Foreign Voices in the House

Abdulmalik Merchant: From all those you have heard and met during your lifetime, what would you say to his followers about their own Imam?

J. Patrick Boyer: All around the world there are individuals holding office….But being an office holder does not make someone a leader. The Aga Khan is a leader. To have the opportunity to follow him and advance the vital causes he identifies, as Ismaili Muslims do, is a rare opportunity.”

20140227_Aga Khan addressing the Canadian Parliament

His Highness the Aga Khan delivers a historic address to a joint session of the Parliament of Canada on 27 February 2014, at the invitation of Prime Minister Stephen Harper.

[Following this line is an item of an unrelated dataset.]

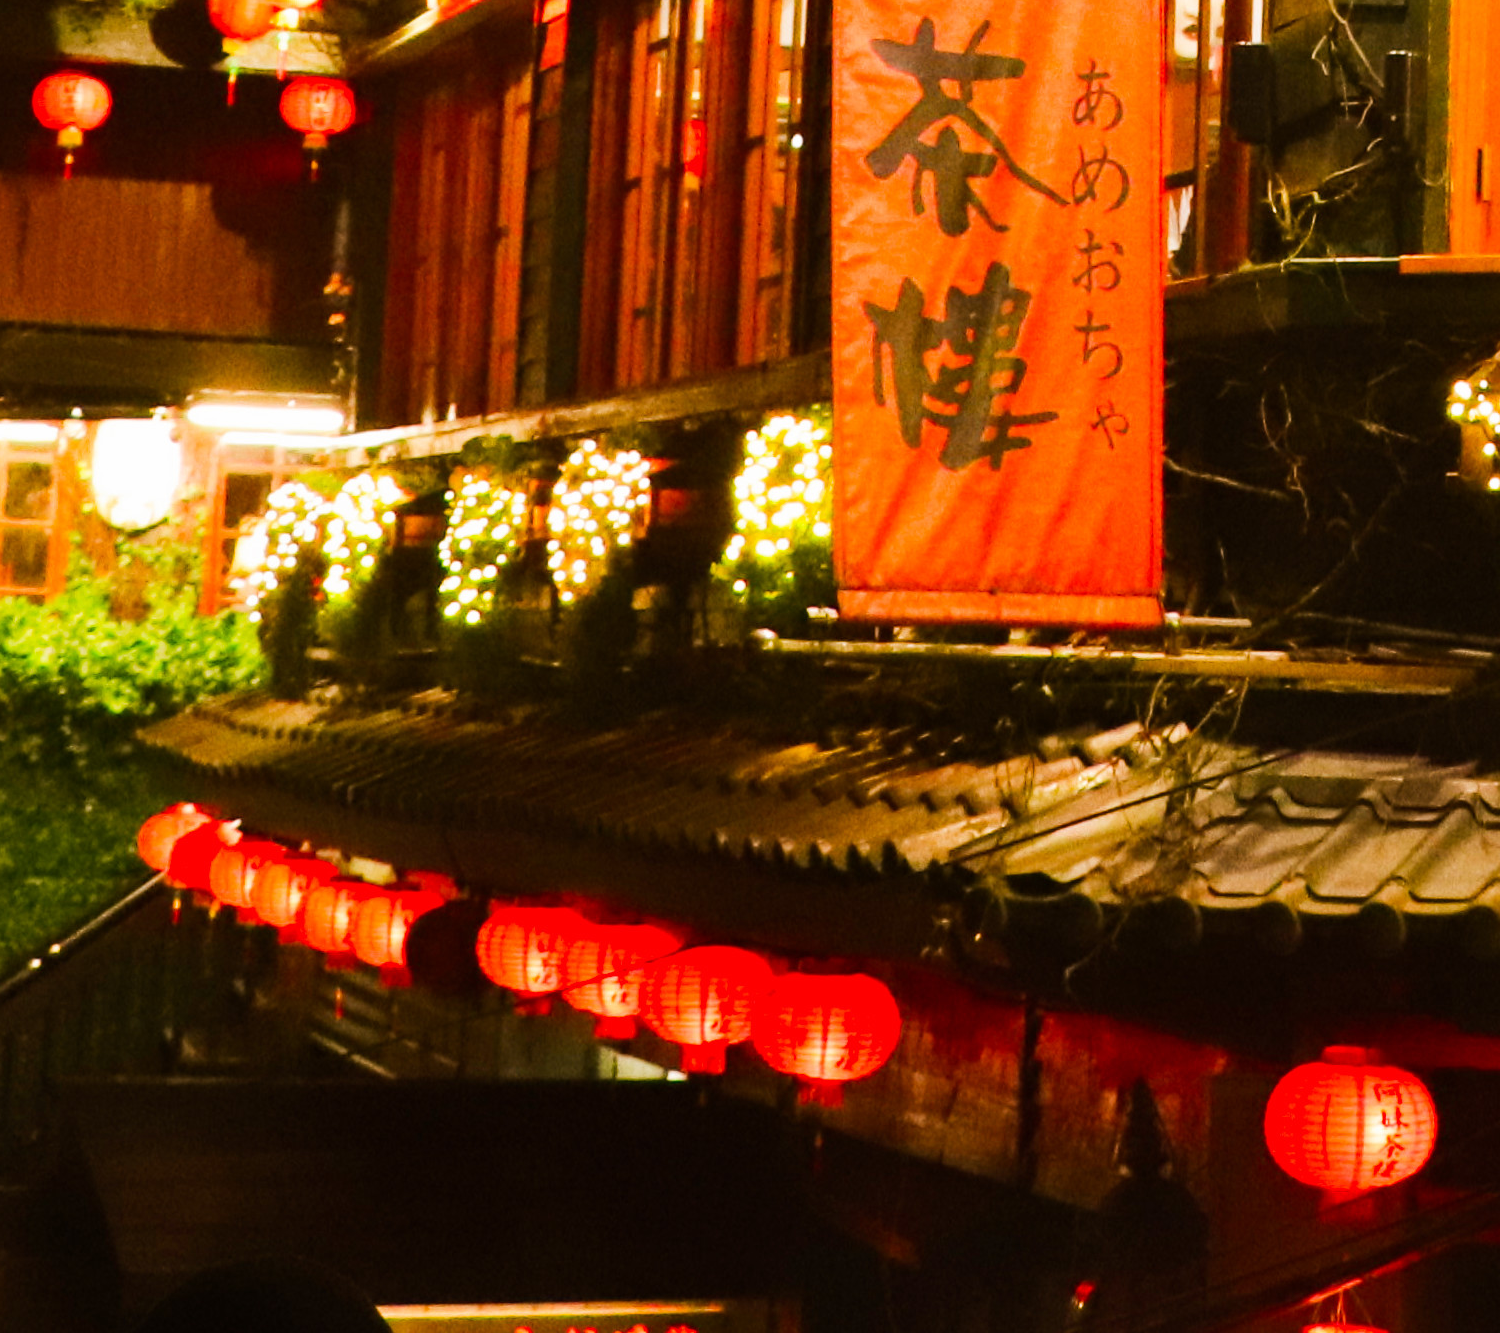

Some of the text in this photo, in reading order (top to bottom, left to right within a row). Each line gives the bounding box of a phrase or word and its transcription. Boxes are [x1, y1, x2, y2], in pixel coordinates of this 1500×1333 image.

[1070, 58, 1132, 451] あめおちゃ

I was privileged to meet J. Patrick Boyer at the launching of his book “Foreign Voices in the House: A Century of Addresses to Canada’s Parliament by World Leaders” at the wonderful café and photo gallery of my friend Jean-Marc Carisse. Boyer is author of 23 books on Canadian history law, politics and governance, and his Foreign Voices in the House is unique because it is the first such book published that provides a complete record of high level oratory delivered by world leaders to Canadians at their own doorstep. The first speech was delivered one hundred years ago in 1917! I later interviewed Boyer and published the complete interview on Barakah, a website dedicated to His Highness the Aga Khan for his Diamond Jubilee.

In the following condensed version of the interview, Boyer gives his insightful and thought provoking analysis of the Aga Khan’s 2014 address to the Canadian Parliament and makes the readers aware of the Aga Khan’s sole right, as hereditary Imam of the Ismaili Muslims, to provide authoritative guidance on matters of faith and to interpret the Qur’an. Boyer’s astute awareness of the Ismaili Imam’s role is drawn from articles of the Preamble of the Ismaili Constitution, which was ordained on December 13, 1986, on the anniversary of the Aga Khan’s 50th birthday.

Foreign Voices in the House (Dundurn, 2017. 600 pages, photographs. ISBN 9781459736856 Can$35.00), is available at Perfect Books located on 258 Elgin Street, Ottawa, phone (613) 231-6468. Other sources for obtaining the book are Amazon and Chapters-Indigo. A Kindle edition is available for C$9.99.

Exclusive Interview: J. Patrick Boyer on His Highness the Aga Khan

“[The Aga Khan’s] accomplishments stand apart from whether others accord him “official recognition” or not, and will endure with or without a Nobel Peace Prize….Sir Edmund Hillary treasured above all others an enormous decorative star, very bright and very colourful, hammered from tin and presented by the Kathmandu Taxi Drivers Association. I think the Aga Khan would likewise treasure something from people who have their feet on the ground, their hearts in harmony with others, and wanting to honour courageous action.”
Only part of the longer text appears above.